# Exercise details
All of the entries should be restated word for word, but without their pictures.

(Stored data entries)
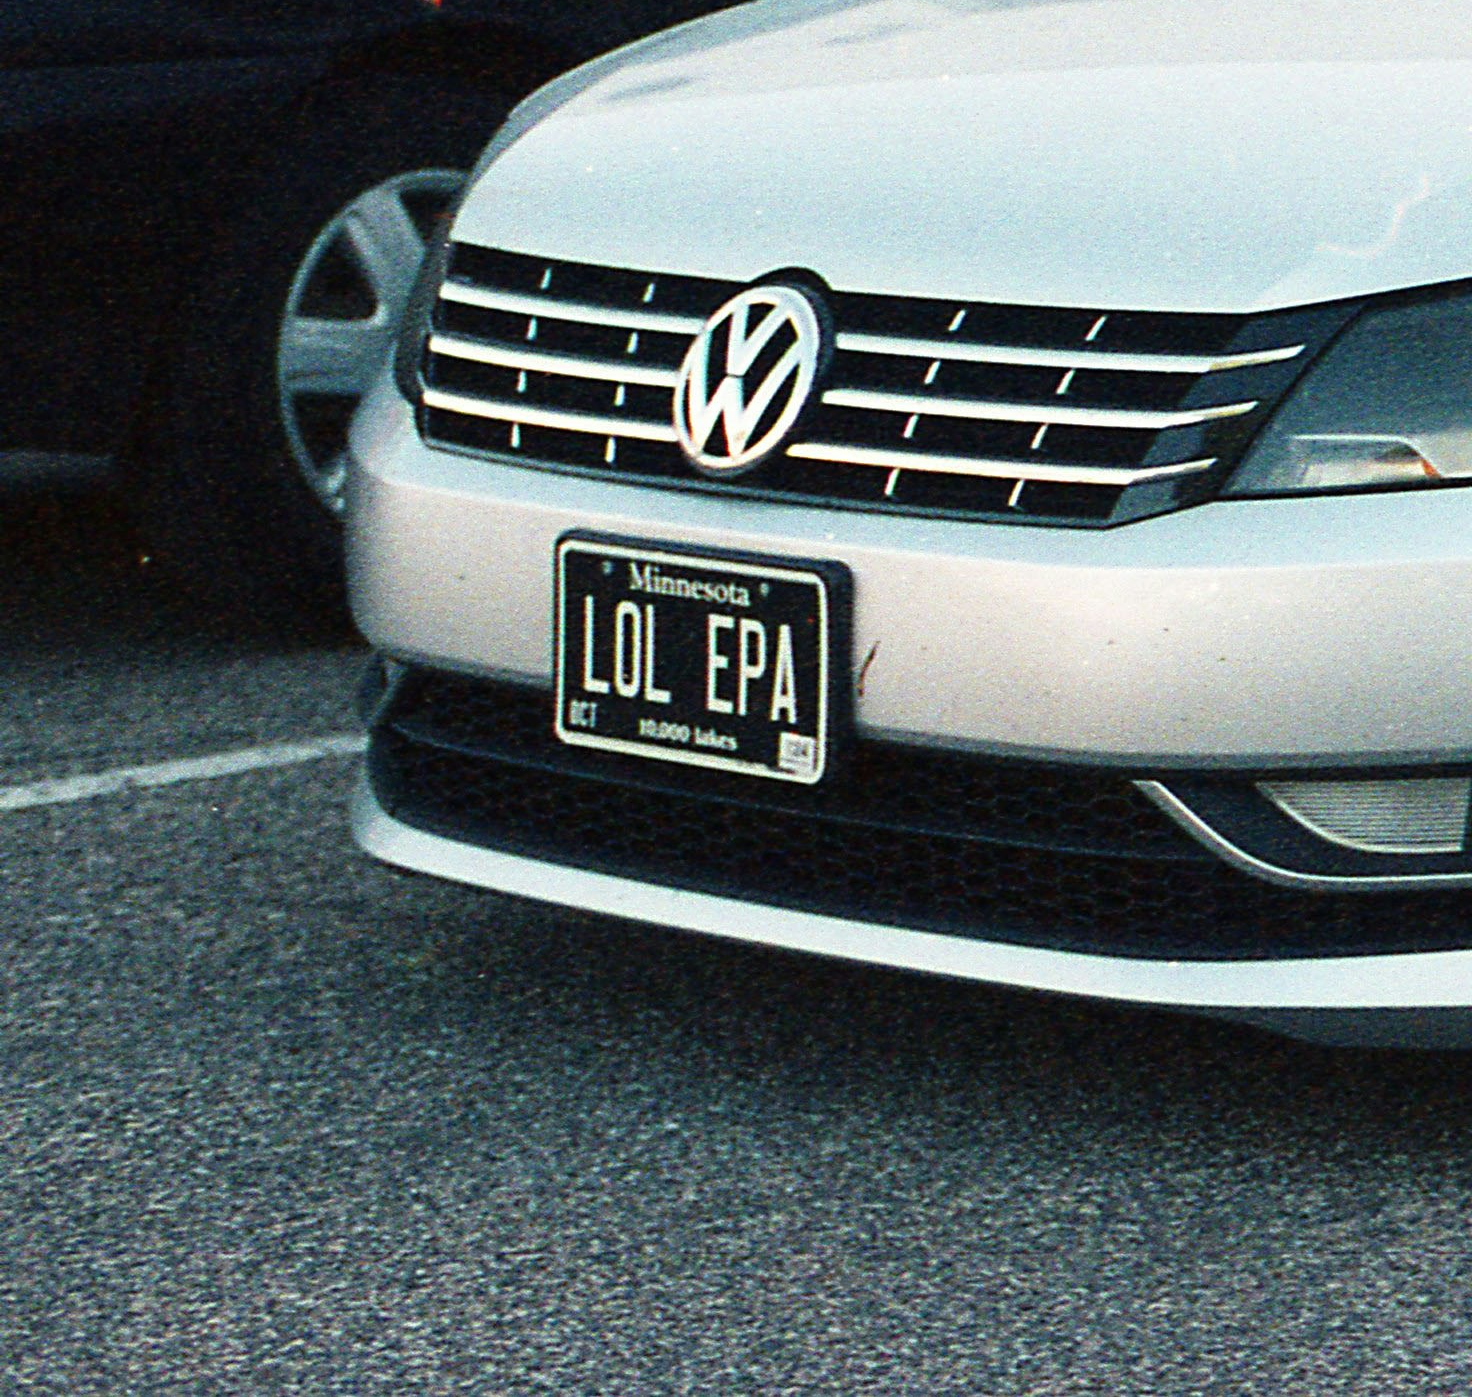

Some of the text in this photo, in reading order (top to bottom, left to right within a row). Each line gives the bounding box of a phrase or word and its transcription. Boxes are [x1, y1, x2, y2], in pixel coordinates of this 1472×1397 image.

[674, 287, 819, 468] VW
[629, 561, 750, 607] Minnesota
[583, 594, 797, 724] LOL EPA
[694, 726, 738, 752] lakes
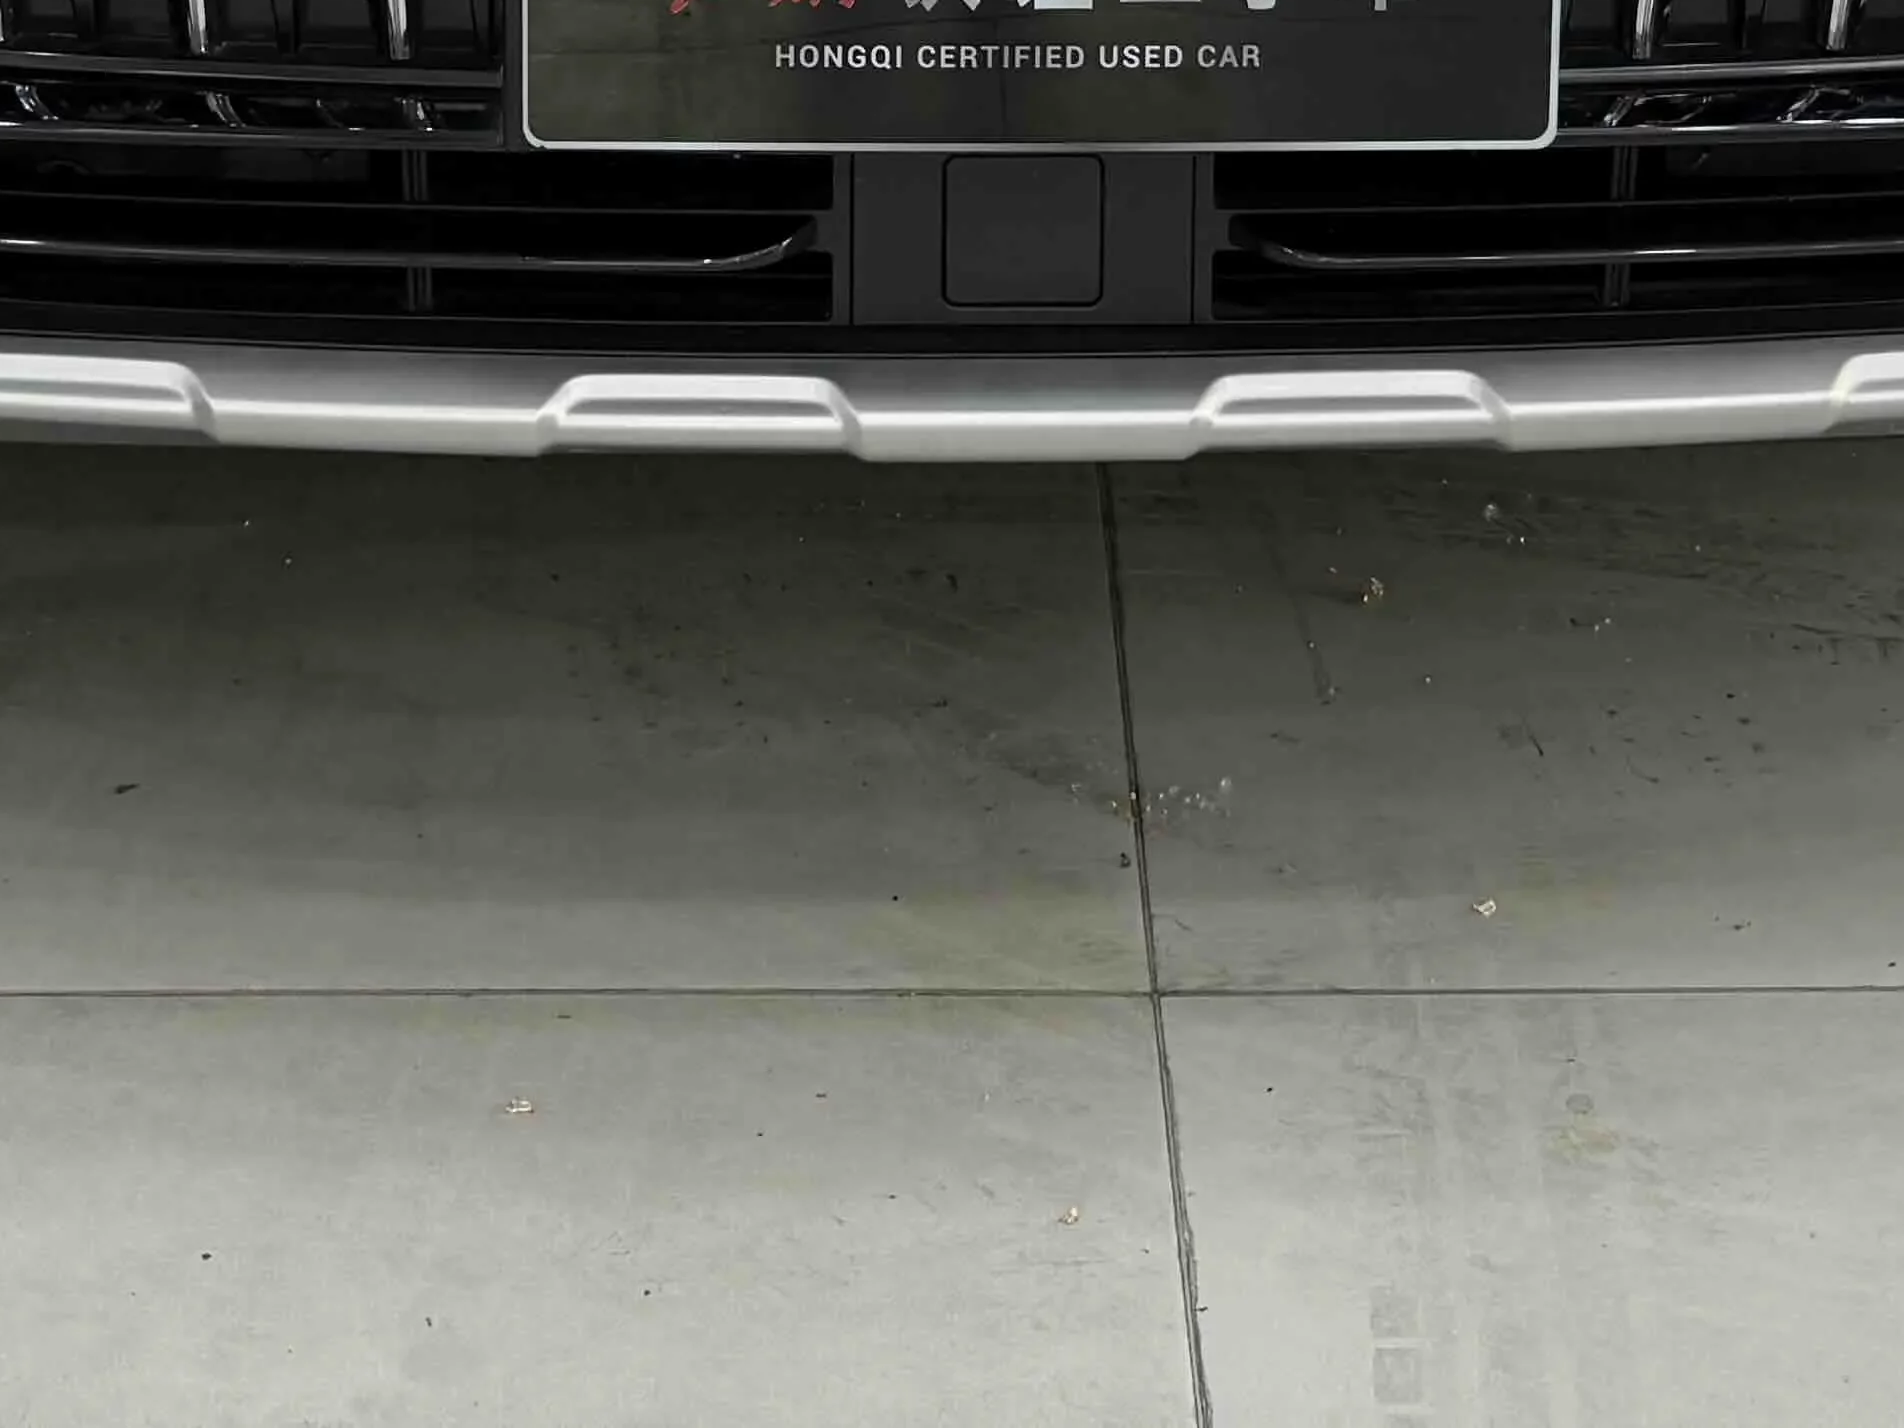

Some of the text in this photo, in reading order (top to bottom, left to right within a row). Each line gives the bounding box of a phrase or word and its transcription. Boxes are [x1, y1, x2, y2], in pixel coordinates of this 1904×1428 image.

[774, 43, 1262, 71] HONGQI CERTIFIED USED CAR
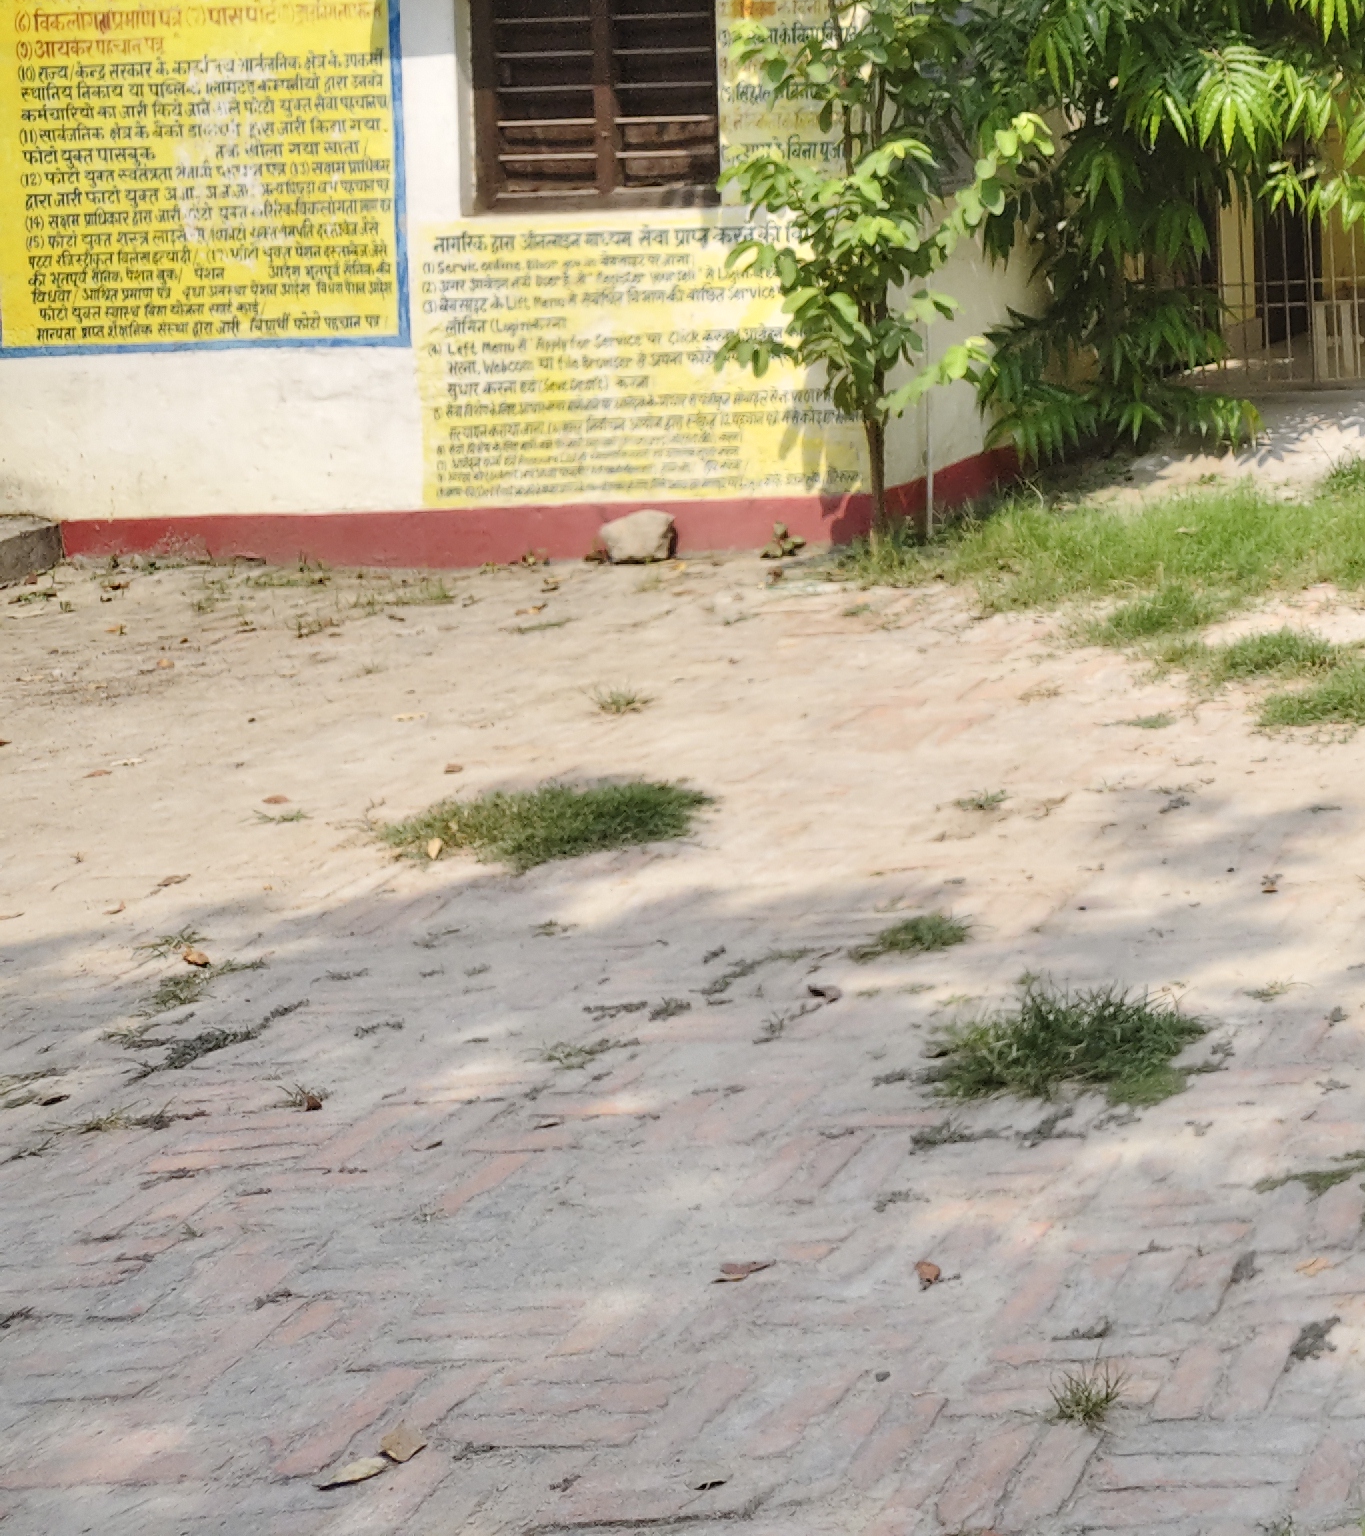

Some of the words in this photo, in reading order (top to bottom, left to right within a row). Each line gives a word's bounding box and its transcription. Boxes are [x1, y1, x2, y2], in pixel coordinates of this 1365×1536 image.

[109, 61, 152, 79] सरकार
[128, 82, 146, 99] या
[54, 187, 83, 209] जारी

# Written reply
Some of the text in this photo, in reading order (top to bottom, left to right within a row). Each line gives the bounding box of a phrase or word and its transcription. Boxes are [x1, y1, x2, y2], in pixel coordinates of this 1472×1397 image.

[674, 287, 819, 468] VW
[629, 561, 750, 607] Minnesota
[583, 594, 797, 724] LOL EPA
[694, 726, 738, 752] lakes

Some of the text in this photo, in reading order (top to bottom, left to right within a row). Each line gives the bounding box of a phrase or word and its transcription. Boxes are [x1, y1, x2, y2], in pixel coordinates of this 1904×1428 image.

[774, 43, 1262, 71] HONGQI CERTIFIED USED CAR

Some of the words in this photo, in reading order (top to bottom, left to right within a row). Each line gives a word's bounding box and its transcription. Boxes are [x1, y1, x2, y2], in pixel coordinates of this 1365×1536 image.

[109, 61, 152, 79] सरकार
[128, 82, 146, 99] या
[54, 187, 83, 209] जारी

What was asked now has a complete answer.